- Born: April 6, 1970 (age 56)
- Occupation: car racing

= Ralf Druckenmüller =

German racing driver

Ralf Druckenmüller, (Born April 6, 1970) in Mendig, is a German racing driver competing in single-seaters, touring cars, and trucks.

== Career ==
Druckenmüller's motorsport career spanned from 1989 to 2005.

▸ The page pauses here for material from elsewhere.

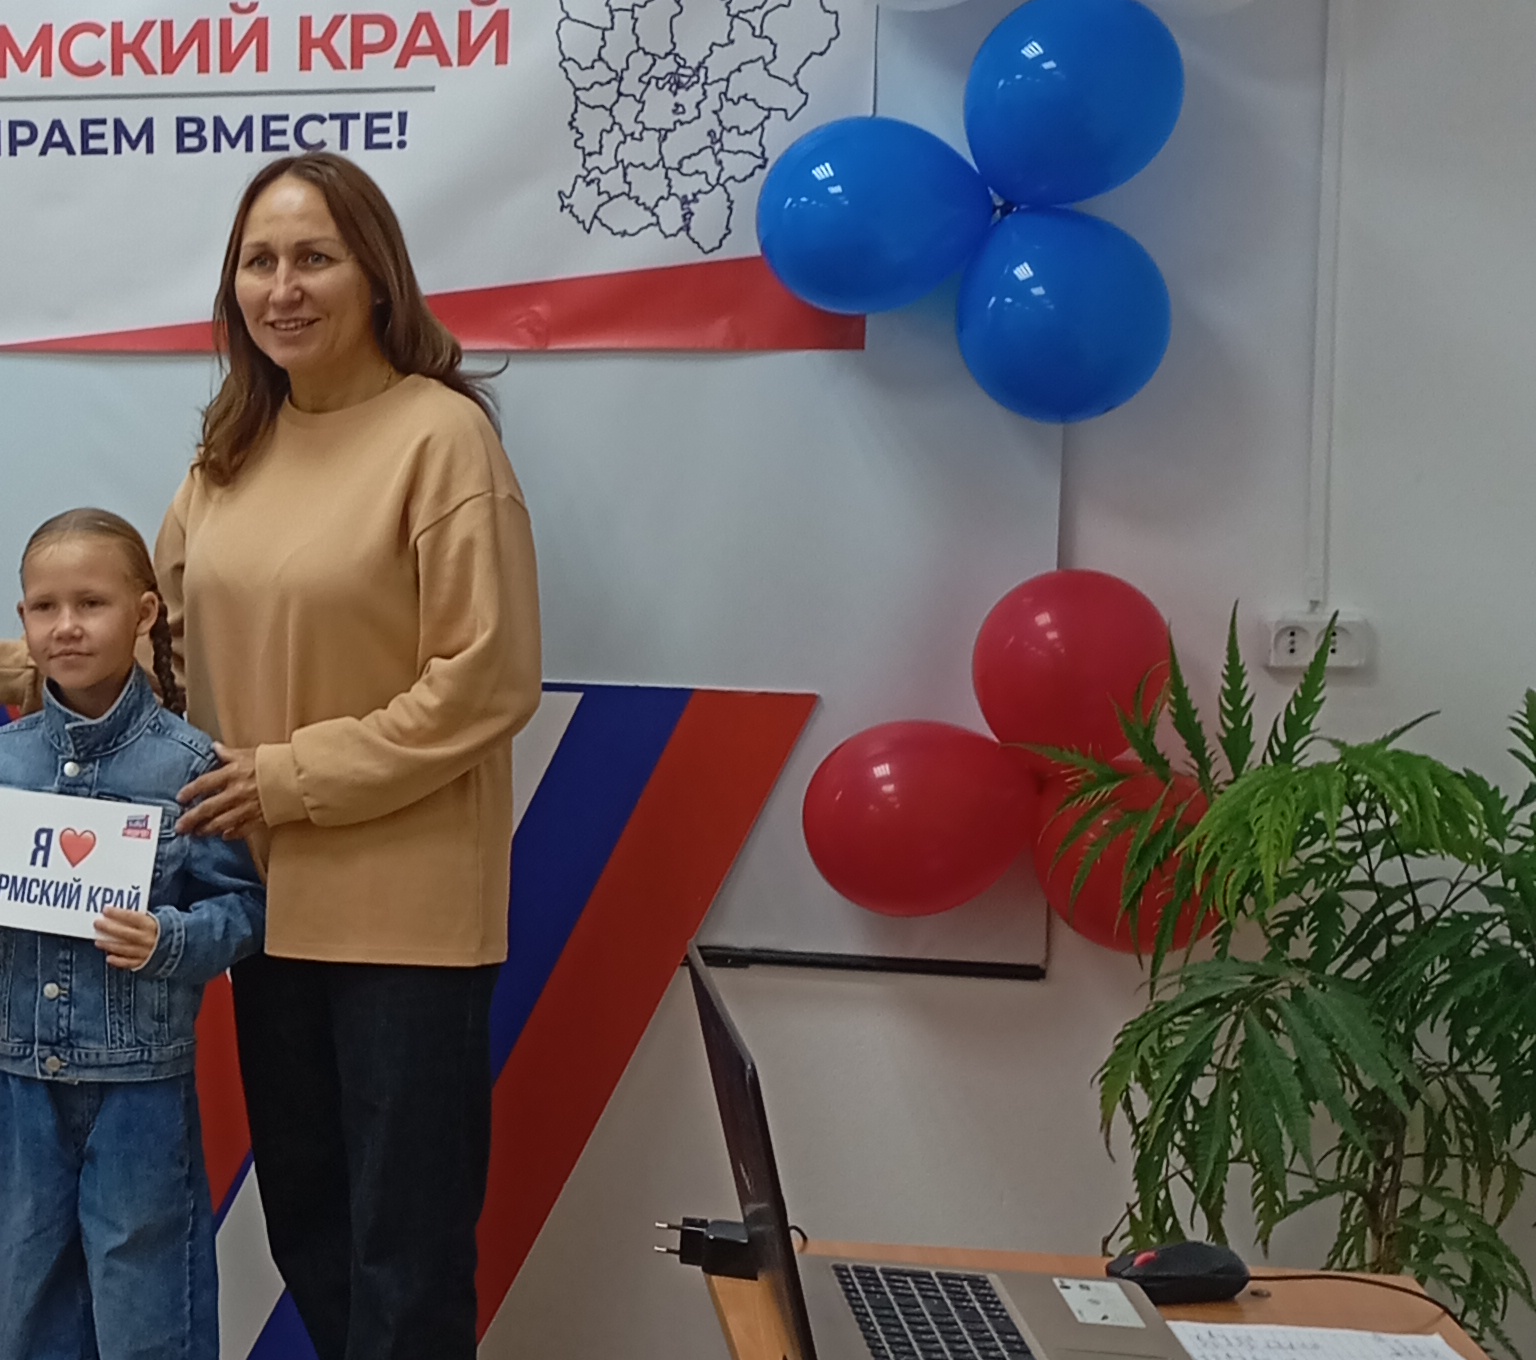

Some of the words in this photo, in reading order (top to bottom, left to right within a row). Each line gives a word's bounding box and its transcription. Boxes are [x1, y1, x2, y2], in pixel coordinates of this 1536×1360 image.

Druckenmüller began his career in karting from 1985 to 1988, subsequently securing three national titles: German Formula Ford 1600 Champion (in 1990, with three victories), Formula Renault Champion (in 1995—achieving 6 victories driving an Ermolli FR95 chassis—following a total of five seasons in the series, which also saw him finish fourth and third in the championship standings in 1992 and 1993, respectively), and winner of the Renault Clio V6 Cup (in 2000, with five victories). In 2001 and 2002, he competed in nearly twenty races in the V8Star Series; then, during the 2004 and 2005 seasons, he shifted his focus to the European Truck Racing Championship as a member of the Deutsche Post World Net Truck Volkswagen Commercial Vehicles team. He went on to claim the continental Super-Race-Trucks title in 2005, and competing in a race driving in a MAN racing truck, following a final victory in the season's concluding round, held at Le Mans.